Text-to-region grounding data:

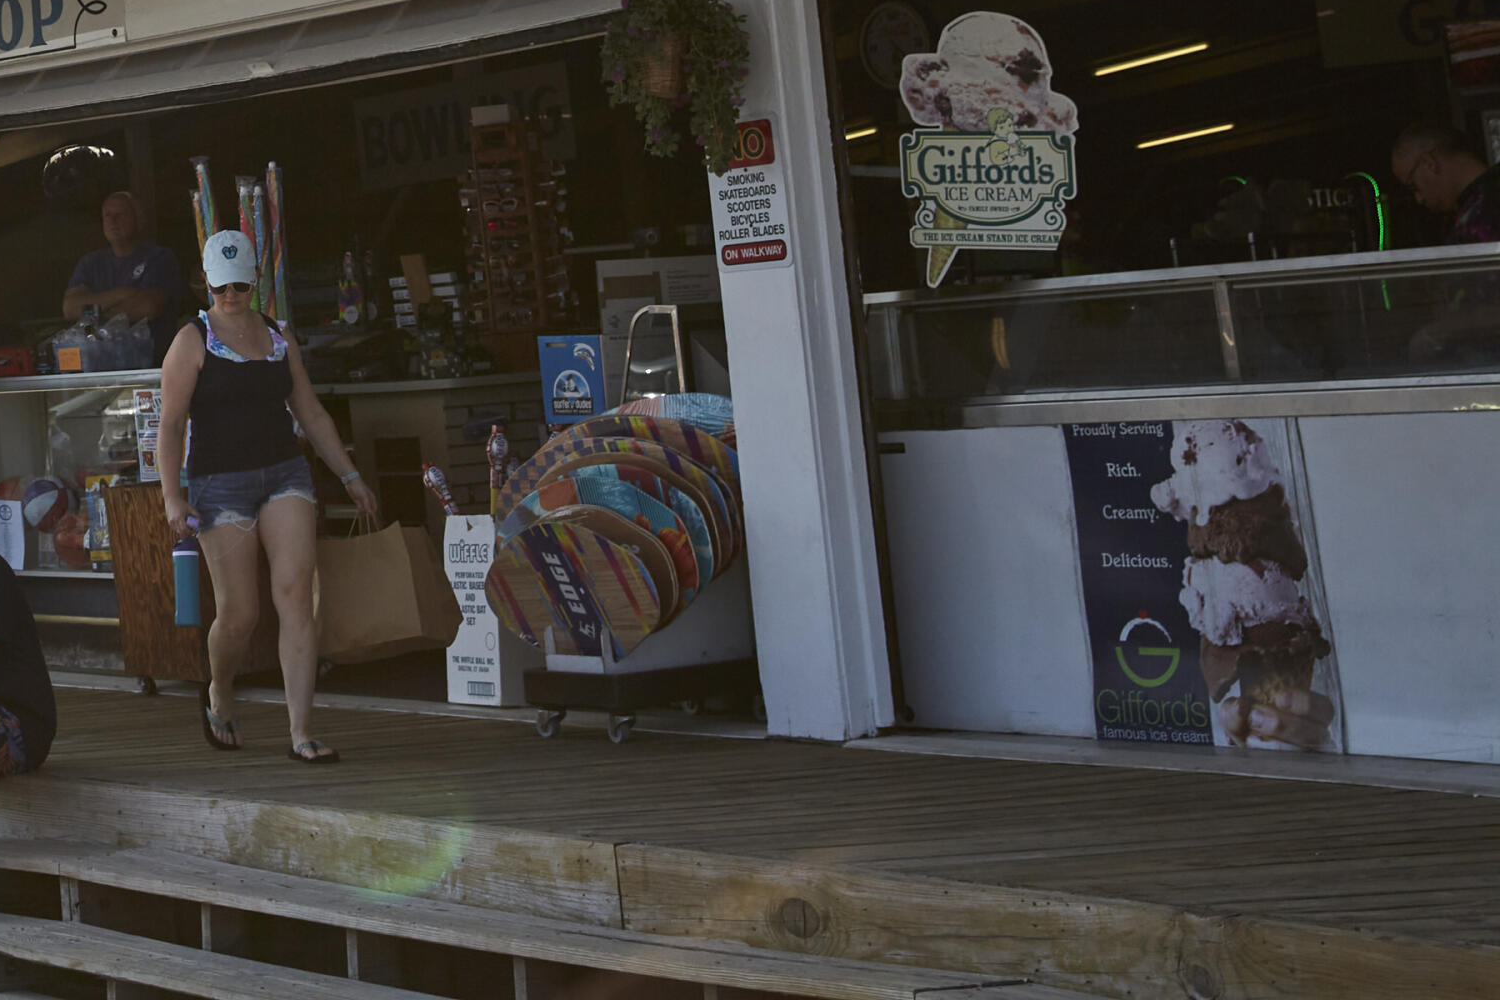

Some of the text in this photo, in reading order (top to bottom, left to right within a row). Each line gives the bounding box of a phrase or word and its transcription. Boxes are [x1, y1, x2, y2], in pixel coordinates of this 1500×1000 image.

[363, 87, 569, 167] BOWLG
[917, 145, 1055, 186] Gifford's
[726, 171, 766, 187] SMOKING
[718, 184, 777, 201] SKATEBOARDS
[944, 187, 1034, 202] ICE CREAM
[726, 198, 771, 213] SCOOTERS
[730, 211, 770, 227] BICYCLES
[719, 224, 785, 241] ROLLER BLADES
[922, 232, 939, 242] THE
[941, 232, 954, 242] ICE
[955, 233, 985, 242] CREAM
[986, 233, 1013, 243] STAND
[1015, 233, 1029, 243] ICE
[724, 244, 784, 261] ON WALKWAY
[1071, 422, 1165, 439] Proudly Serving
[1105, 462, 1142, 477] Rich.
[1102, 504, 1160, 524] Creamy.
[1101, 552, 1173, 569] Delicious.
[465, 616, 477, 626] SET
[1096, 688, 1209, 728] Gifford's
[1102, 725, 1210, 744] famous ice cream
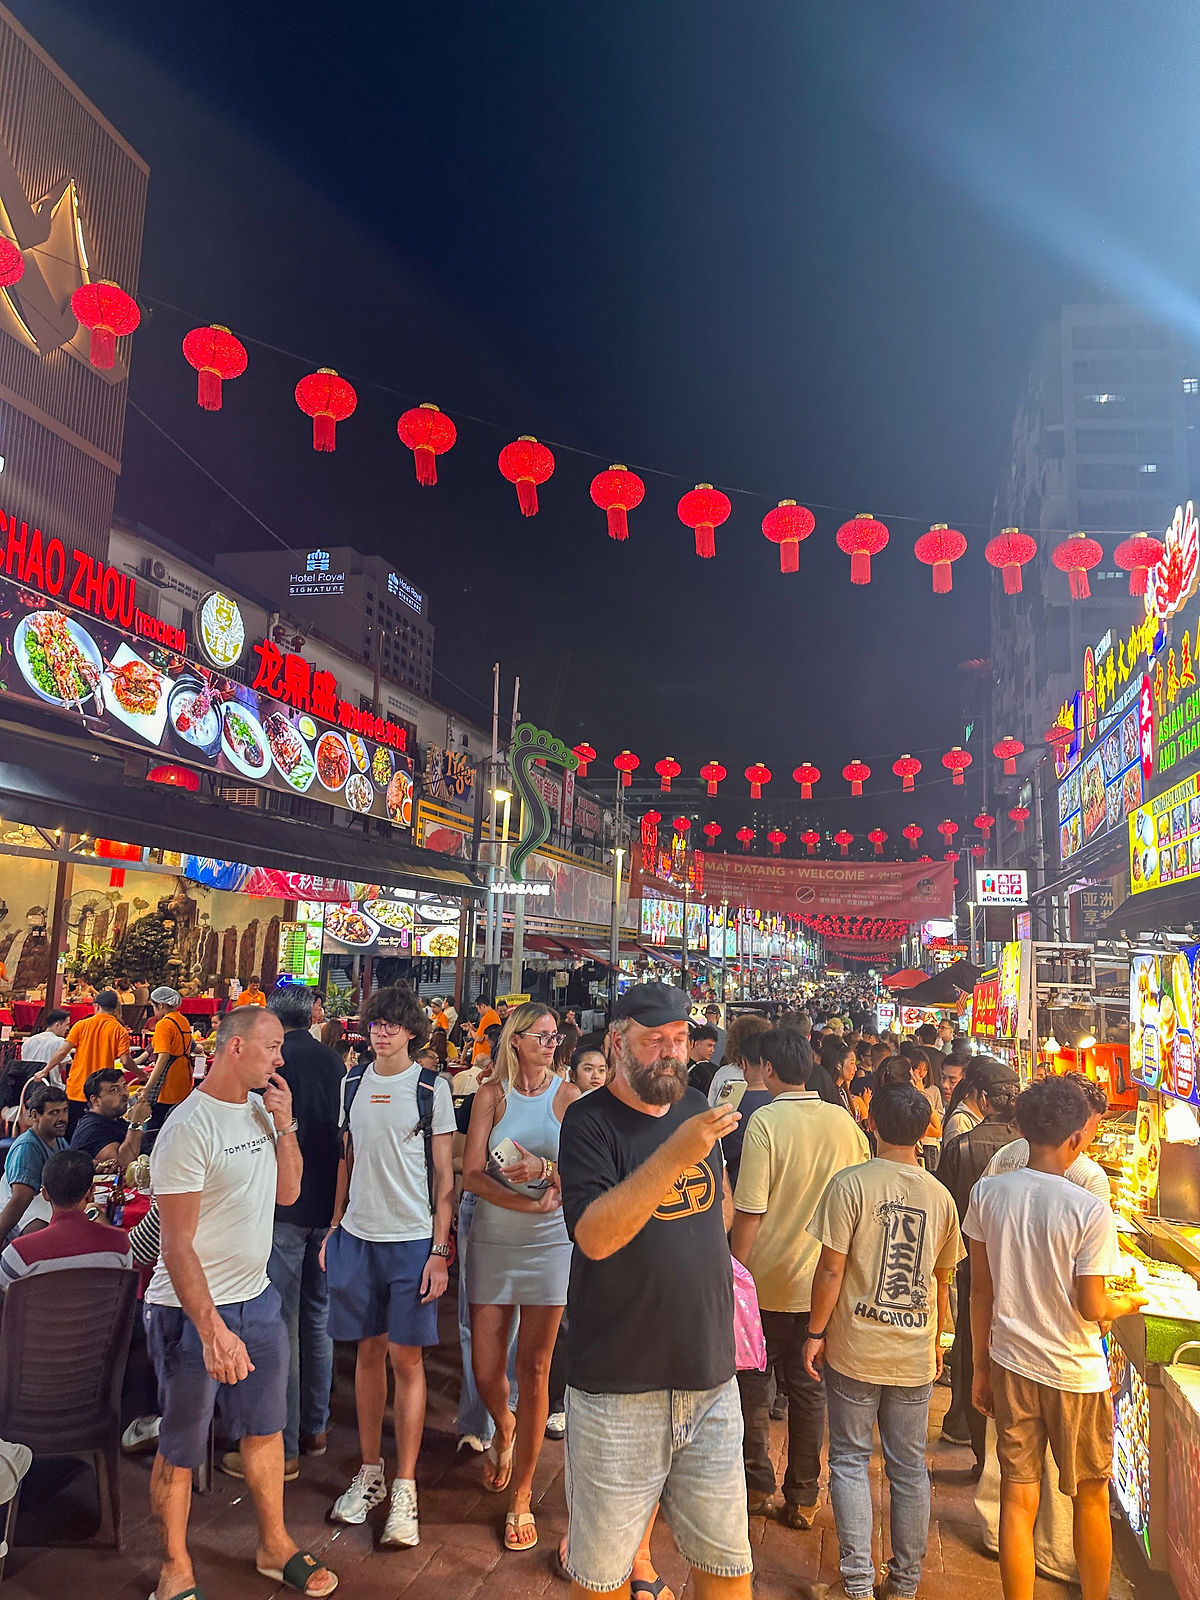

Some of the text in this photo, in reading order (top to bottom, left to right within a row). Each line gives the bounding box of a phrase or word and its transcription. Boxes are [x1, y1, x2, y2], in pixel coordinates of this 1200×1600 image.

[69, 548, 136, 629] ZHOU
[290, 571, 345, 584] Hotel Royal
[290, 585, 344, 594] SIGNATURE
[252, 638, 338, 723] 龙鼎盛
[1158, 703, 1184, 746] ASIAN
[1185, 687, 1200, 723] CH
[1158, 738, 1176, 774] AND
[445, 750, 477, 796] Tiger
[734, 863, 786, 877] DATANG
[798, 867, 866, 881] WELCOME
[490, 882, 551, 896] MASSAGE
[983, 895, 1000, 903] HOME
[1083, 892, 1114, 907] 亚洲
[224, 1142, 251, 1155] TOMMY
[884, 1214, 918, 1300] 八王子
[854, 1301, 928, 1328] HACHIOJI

■ TASK BRIEF:
Hand back the data above exactly, leaving out all pictures.

■ WRITTEN RESPONSE:
Some of the text in this photo, in reading order (top to bottom, left to right within a row). Each line gives the bounding box of a phrase or word and its transcription. Boxes are [x1, y1, x2, y2], in pixel coordinates of this 1500×1000 image.

[363, 87, 569, 167] BOWLG
[917, 145, 1055, 186] Gifford's
[726, 171, 766, 187] SMOKING
[718, 184, 777, 201] SKATEBOARDS
[944, 187, 1034, 202] ICE CREAM
[726, 198, 771, 213] SCOOTERS
[730, 211, 770, 227] BICYCLES
[719, 224, 785, 241] ROLLER BLADES
[922, 232, 939, 242] THE
[941, 232, 954, 242] ICE
[955, 233, 985, 242] CREAM
[986, 233, 1013, 243] STAND
[1015, 233, 1029, 243] ICE
[724, 244, 784, 261] ON WALKWAY
[1071, 422, 1165, 439] Proudly Serving
[1105, 462, 1142, 477] Rich.
[1102, 504, 1160, 524] Creamy.
[1101, 552, 1173, 569] Delicious.
[465, 616, 477, 626] SET
[1096, 688, 1209, 728] Gifford's
[1102, 725, 1210, 744] famous ice cream

Some of the text in this photo, in reading order (top to bottom, left to right within a row). Each line gives the bounding box of a phrase or word and its transcription. Boxes are [x1, y1, x2, y2], in pixel coordinates of this 1200×1600 image.

[69, 548, 136, 629] ZHOU
[290, 571, 345, 584] Hotel Royal
[290, 585, 344, 594] SIGNATURE
[252, 638, 338, 723] 龙鼎盛
[1158, 703, 1184, 746] ASIAN
[1185, 687, 1200, 723] CH
[1158, 738, 1176, 774] AND
[445, 750, 477, 796] Tiger
[734, 863, 786, 877] DATANG
[798, 867, 866, 881] WELCOME
[490, 882, 551, 896] MASSAGE
[983, 895, 1000, 903] HOME
[1083, 892, 1114, 907] 亚洲
[224, 1142, 251, 1155] TOMMY
[884, 1214, 918, 1300] 八王子
[854, 1301, 928, 1328] HACHIOJI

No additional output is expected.